Densho Digital Archive
Oregon Nikkei Endowment Collection
Title: Sab Akiyama Interview
Narrator: Sab Akiyama
Interviewer: Linda Tamura
Location: Hood River, Oregon
Date: October 30, 2013
Densho ID: denshovh-asab-01-0015

<Begin Segment 15>

LT: After you'd been in camp for two years, you volunteered for the United States Army. Can you talk about your thoughts about that, and then about your induction and your service?

SA: Oh, I figured like my folks used to tell me before the war, before Pearl Harbor, said, "If anything happens, just remember you're American citizen, so you do what your country asks of you." And that's the way I felt, so I decided to volunteer. Besides, I was getting tired of camp life.
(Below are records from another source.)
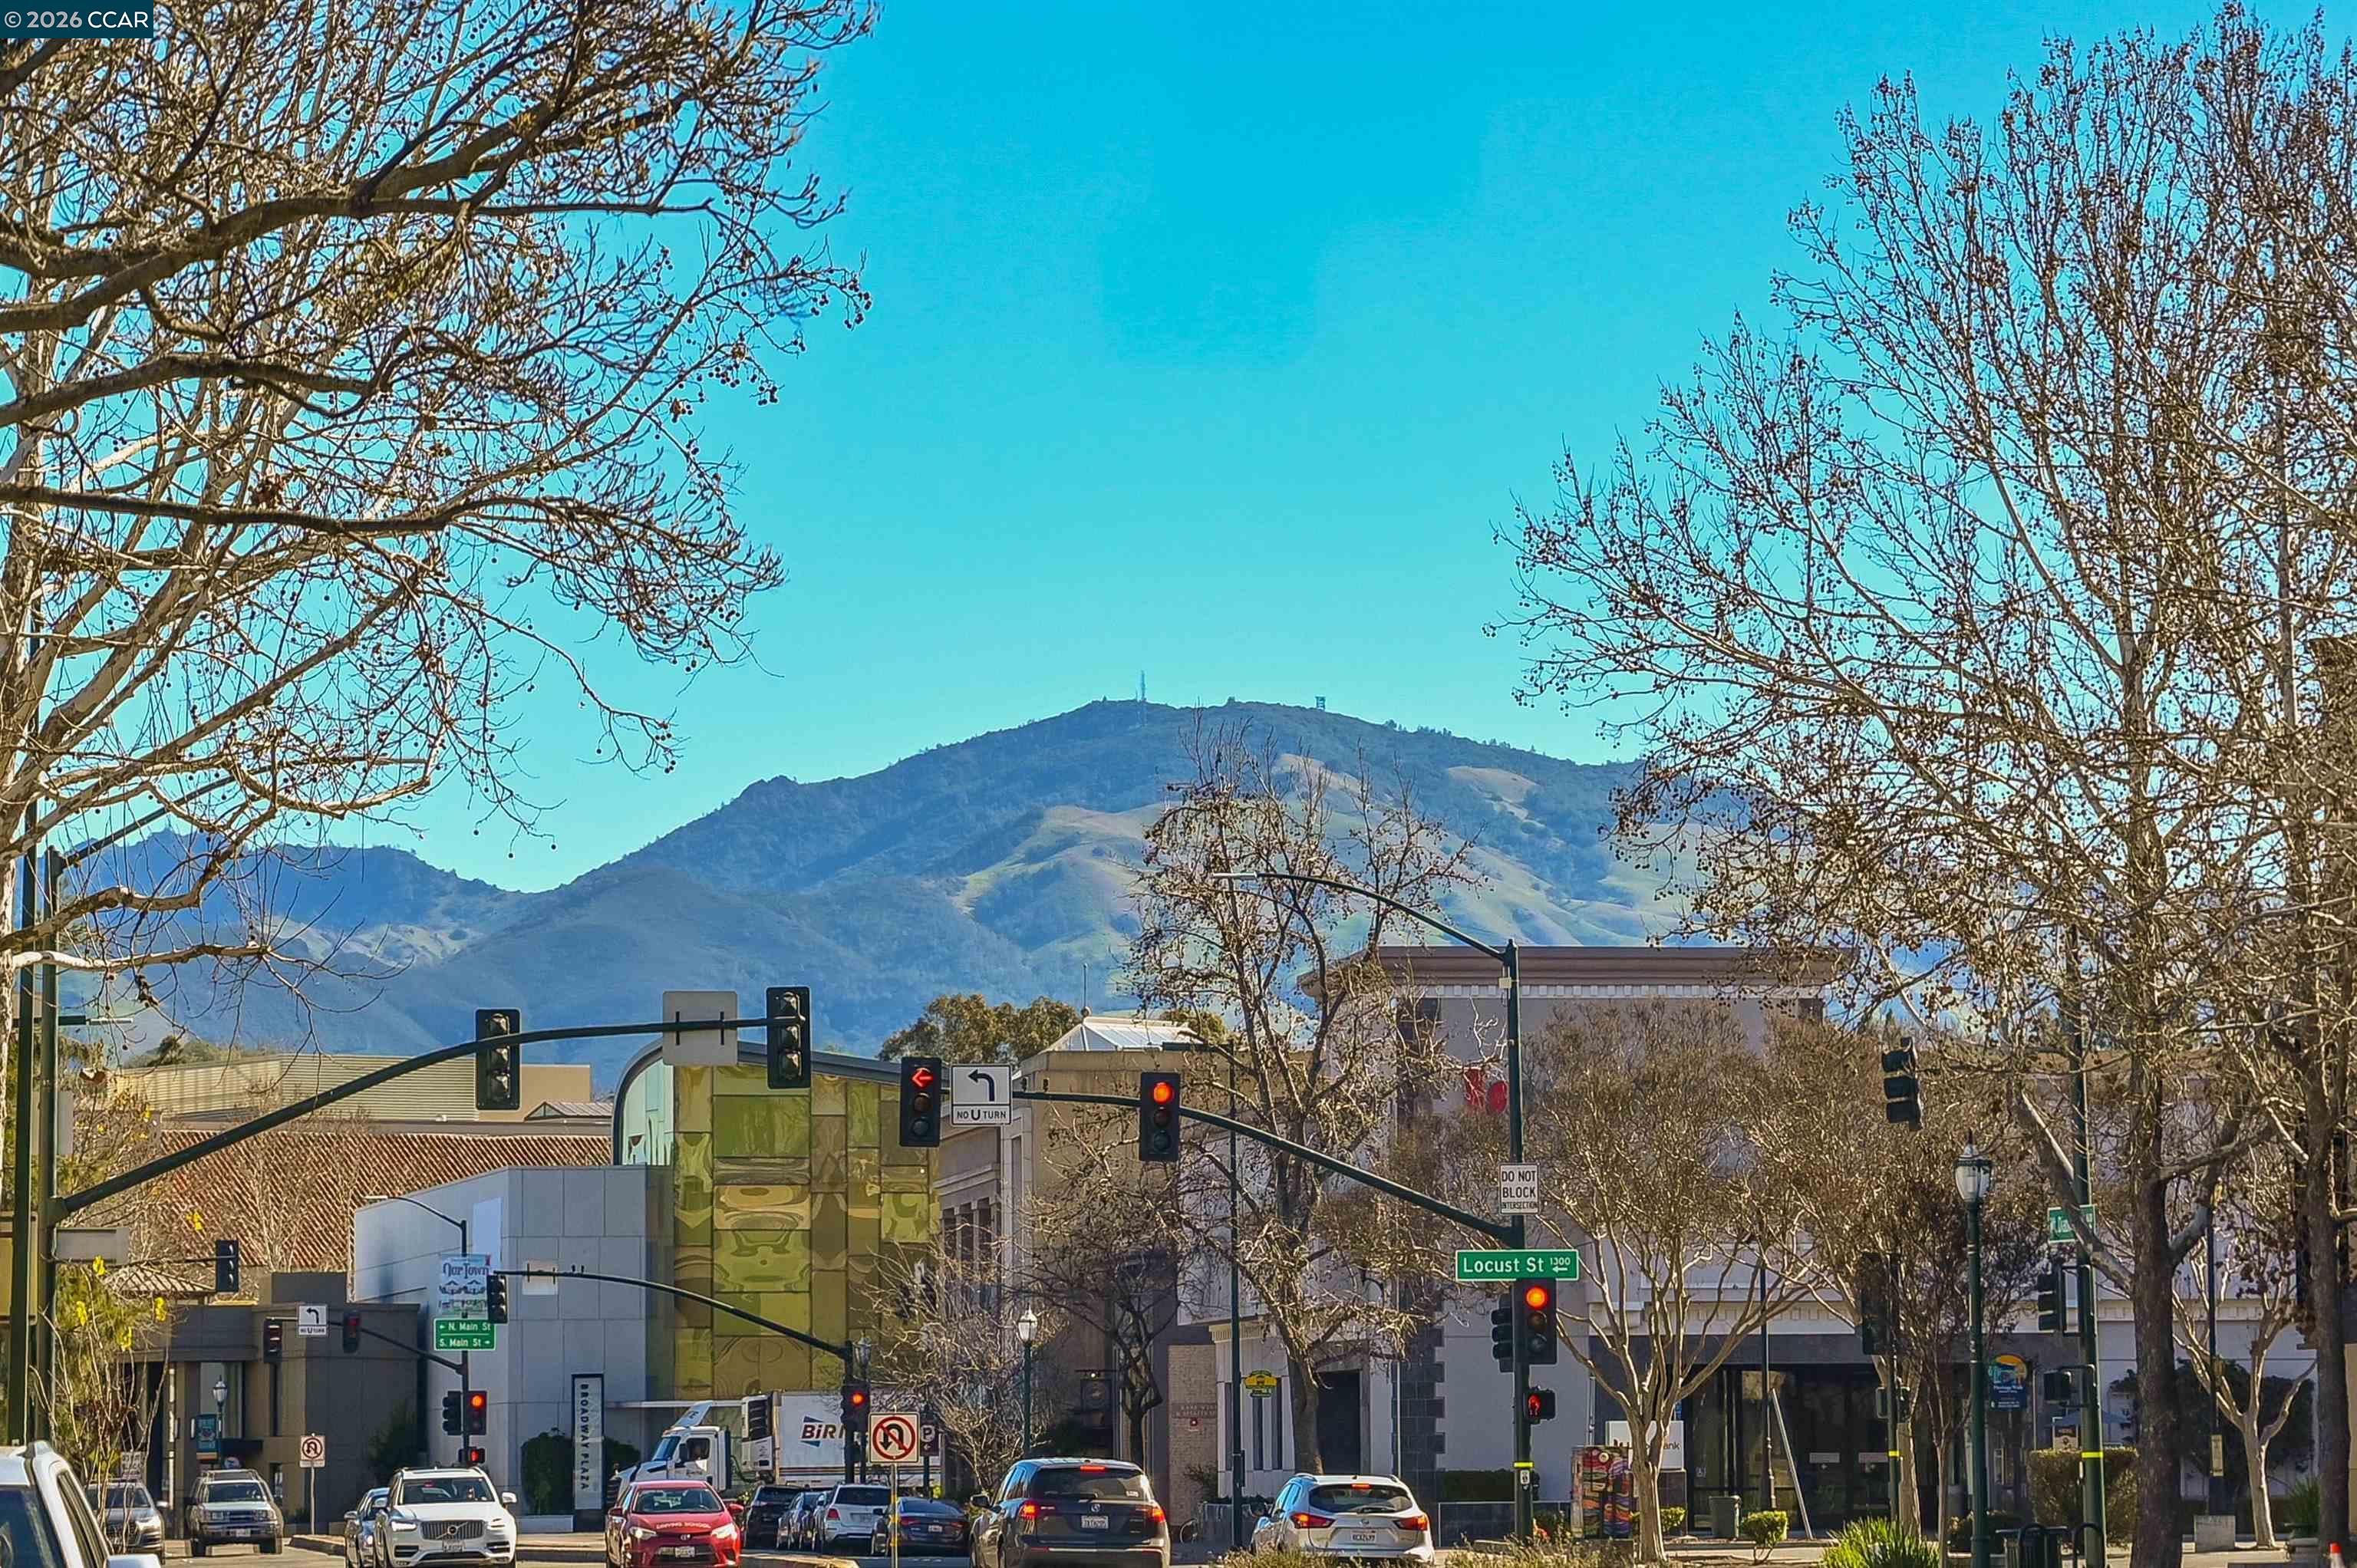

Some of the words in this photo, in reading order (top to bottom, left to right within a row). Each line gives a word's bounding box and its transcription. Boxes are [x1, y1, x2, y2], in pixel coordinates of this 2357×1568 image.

[971, 1109, 981, 1120] U
[1502, 1171, 1515, 1181] DO
[1518, 1171, 1536, 1181] NOT
[1502, 1187, 1536, 1197] BLOCK
[1463, 1257, 1520, 1273] Locust
[1526, 1257, 1544, 1273] St
[460, 1323, 478, 1331] Main
[482, 1323, 490, 1331] St
[450, 1339, 468, 1347] Main
[473, 1339, 481, 1347] St
[581, 1384, 589, 1448] BROADWAY
[581, 1453, 589, 1490] PLAZA
LT: And when did you volunteer, and where did you go for basic?

SA: I went to Fort McClellan, Alabama. Anyway, I was inducted in Ogden, no, Salt Lake, Utah. Took basic in Fort McClellan, Alabama, and then after that, went to MIS school in Minneapolis, St. Paul, Fort Snelling.
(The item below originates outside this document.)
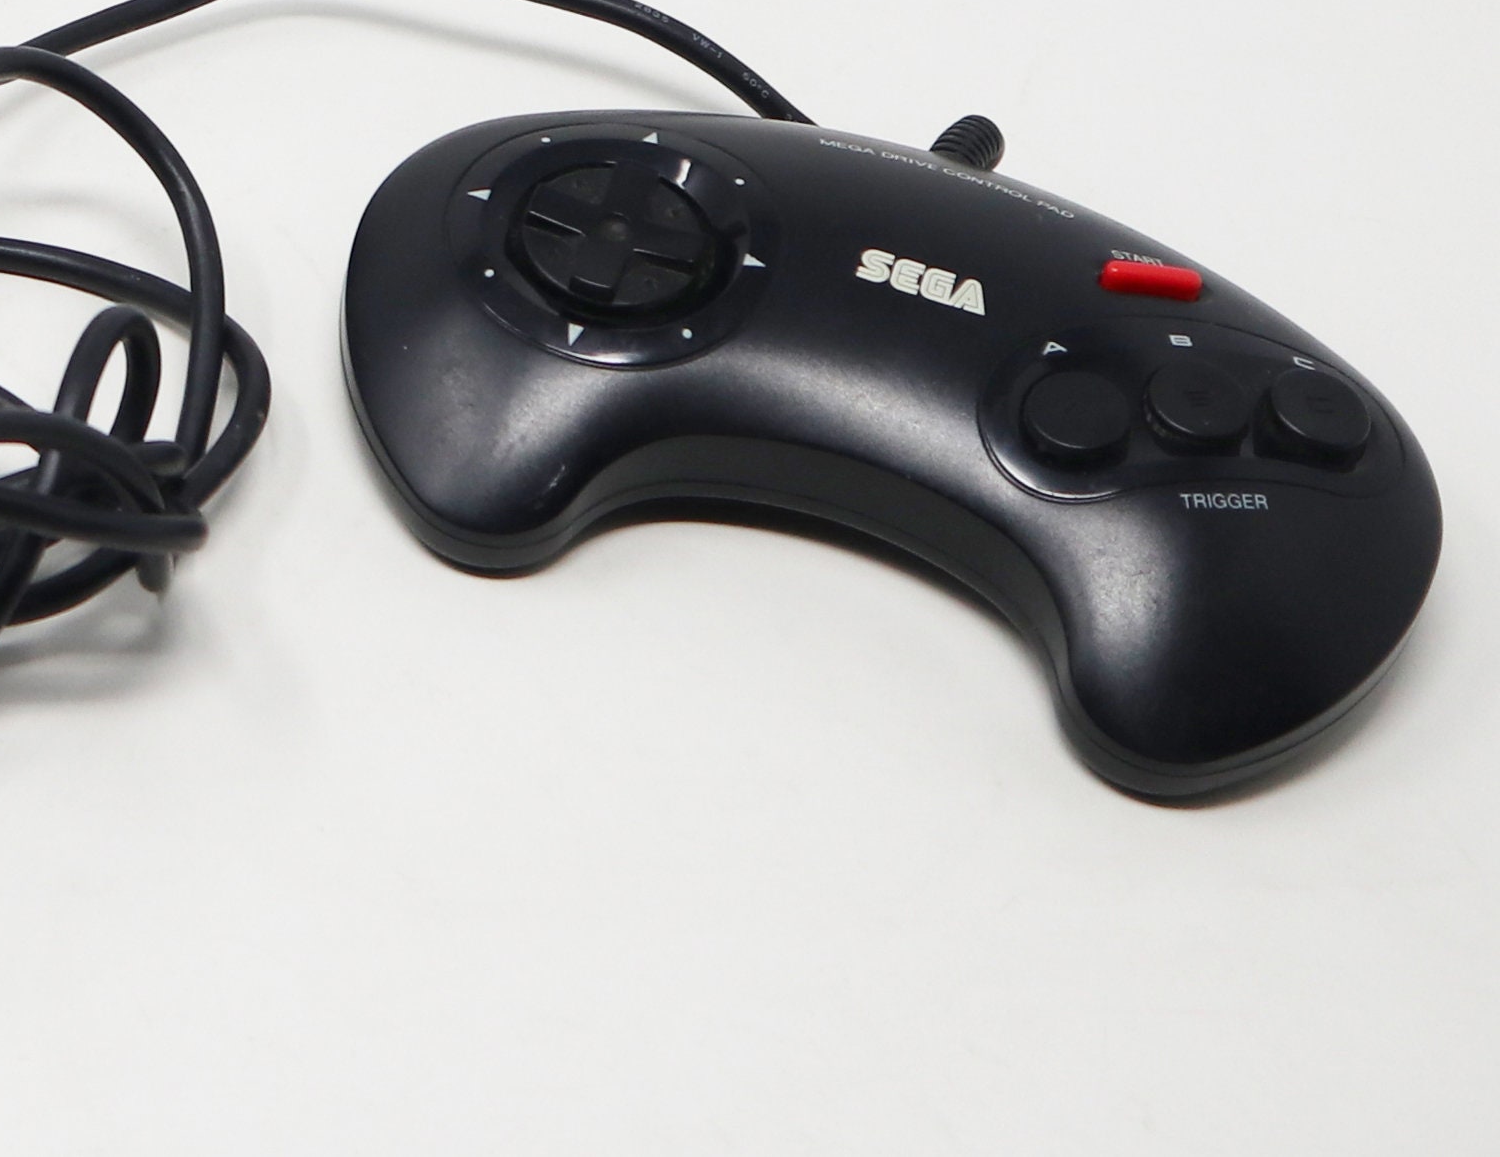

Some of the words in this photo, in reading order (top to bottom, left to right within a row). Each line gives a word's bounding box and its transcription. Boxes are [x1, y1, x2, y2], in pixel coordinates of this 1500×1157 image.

LT: And so in the Military Intelligence Service, you were preparing to be a linguist, to translate... what would your role have been in the MIS?

SA: What was...

LT: So what were you preparing to do as part of the MIS?

SA: Oh, with my ability in the language, the Japanese language, I was more or less a helper when they come across some difficult Japanese character, kanji, we'd look it up in the dictionary and help. 'Cause we had quite a few Hawaiian fellows who were really adept in Japanese language, you know. So we would more or less go for that, go for this.

LT: So is this where that Japanese language school helped?

SA: Well, they taught you how to find certain things, you know.

LT: And I was thinking about your going to Japanese language school when you were a kid. Did that help?

SA: Oh, probably helped some.

LT: So did you serve with the Military Intelligence Service?

SA: No. Actually, what happened was... oh, let's see. I was with the CIC, Counterintelligence Corps, in Manasquan, New Jersey. Incidentally, that got wiped out with last year's storm, (Sandy). Anyway, we had a detachment, 429 Signal Detachment, about thirty of us Niseis, and we were supposed to make a secretive landing on the, off coast of Japan. That's what we were being trained for. By then the war was over in '45, so they were disbanded. Then I came back to Snelling again and went to CIC school. So I never did see active action or go, you can go overseas.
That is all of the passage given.